Text-to-region grounding data:
----
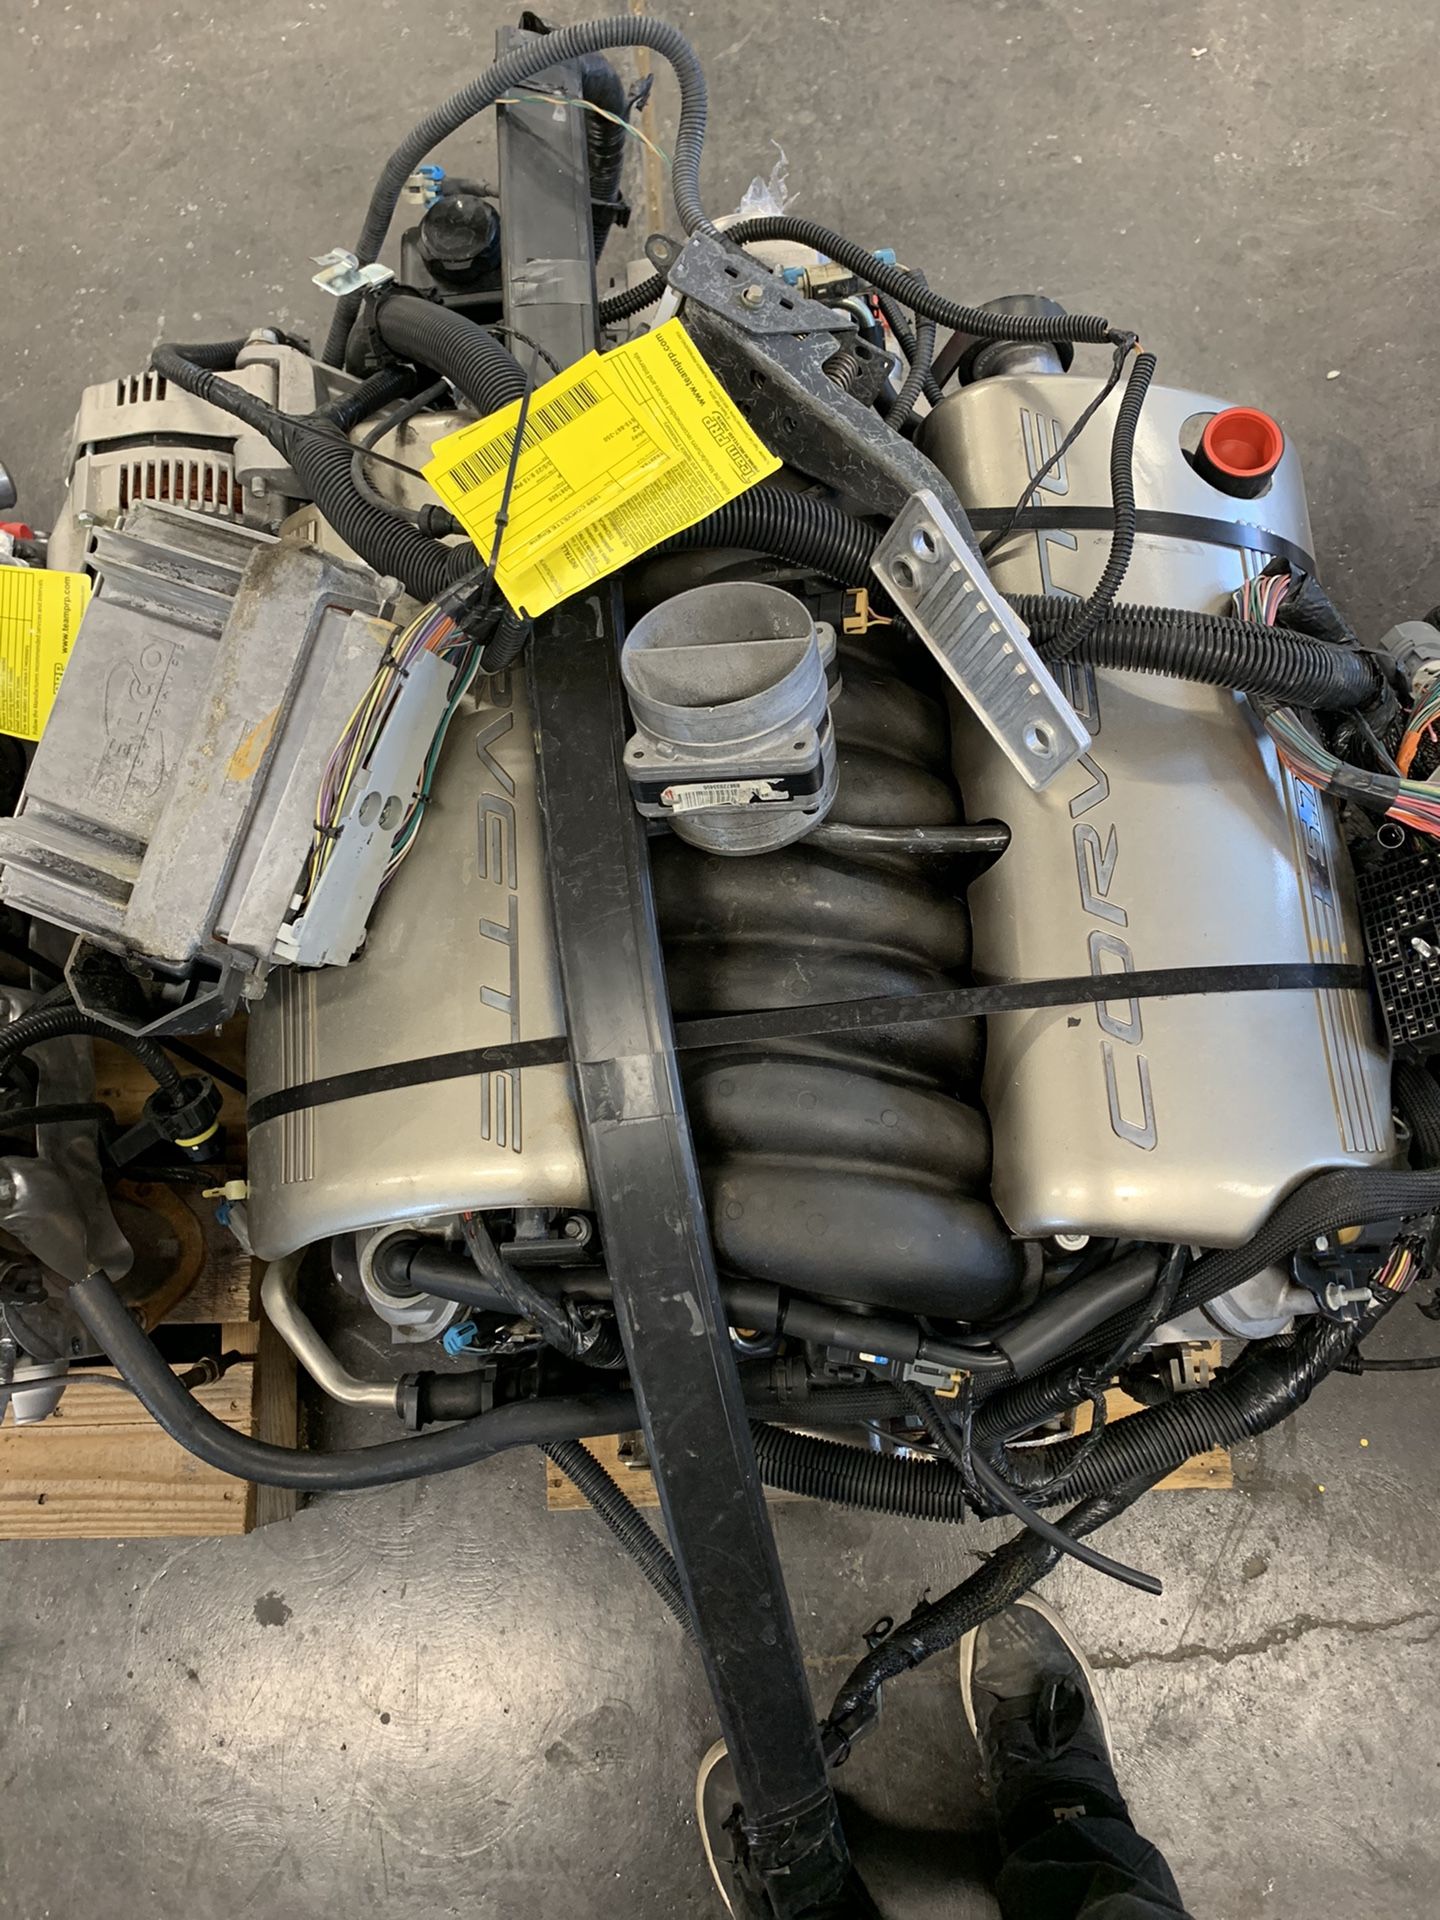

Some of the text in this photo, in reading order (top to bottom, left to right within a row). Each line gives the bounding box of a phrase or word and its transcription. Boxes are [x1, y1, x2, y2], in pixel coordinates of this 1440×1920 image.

[653, 331, 707, 407] www.teamprp.com
[700, 411, 758, 485] Team PRP
[56, 576, 74, 653] www.teamprp.com
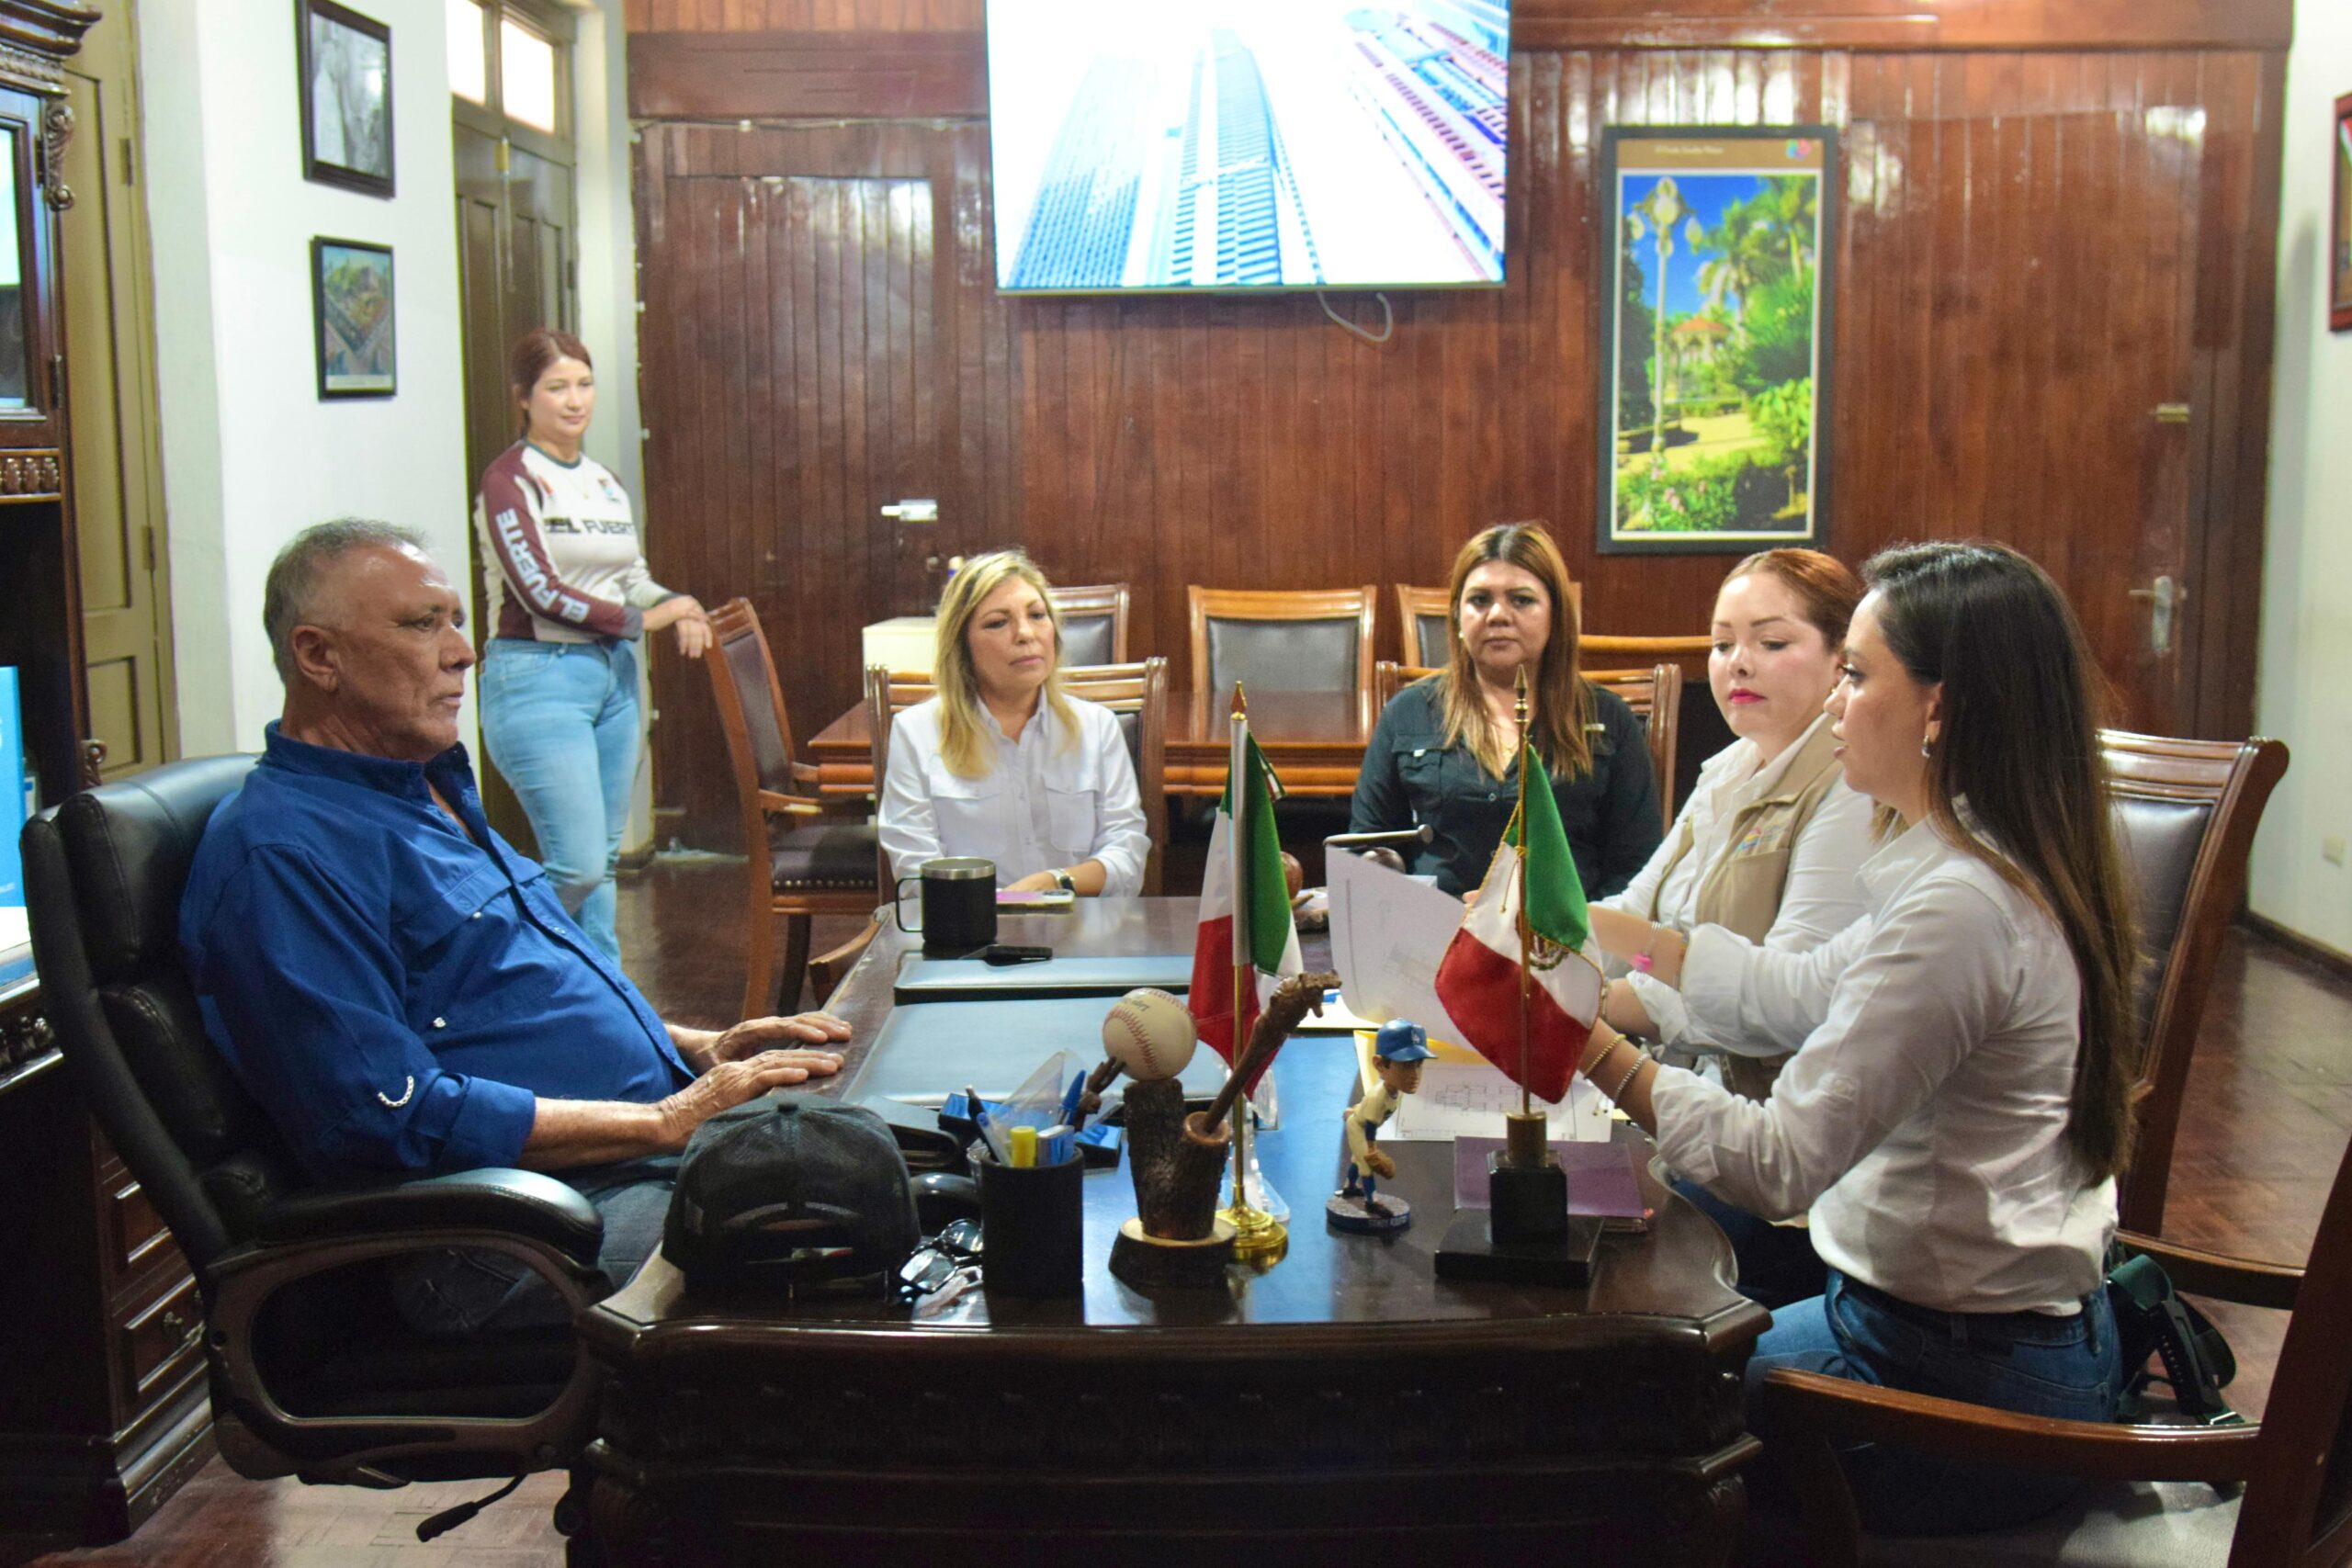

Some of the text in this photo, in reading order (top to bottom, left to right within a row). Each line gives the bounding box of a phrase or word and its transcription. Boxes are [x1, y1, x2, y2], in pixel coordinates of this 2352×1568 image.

[544, 518, 581, 534] EL
[495, 508, 590, 623] EL FUERTE
----
Work instructions
Return every line of the records exactly as given, pictures excluded.

Worked solution
Some of the text in this photo, in reading order (top to bottom, left to right within a row). Each line gives the bounding box of a phrase or word and its transcription. Boxes are [x1, y1, x2, y2], in pixel coordinates of this 1440×1920 image.

[653, 331, 707, 407] www.teamprp.com
[700, 411, 758, 485] Team PRP
[56, 576, 74, 653] www.teamprp.com

Some of the text in this photo, in reading order (top to bottom, left to right within a row). Each line gives the bounding box of a phrase or word and its transcription. Boxes are [x1, y1, x2, y2], in pixel coordinates of this 2352×1568 image.

[544, 518, 581, 534] EL
[495, 508, 590, 623] EL FUERTE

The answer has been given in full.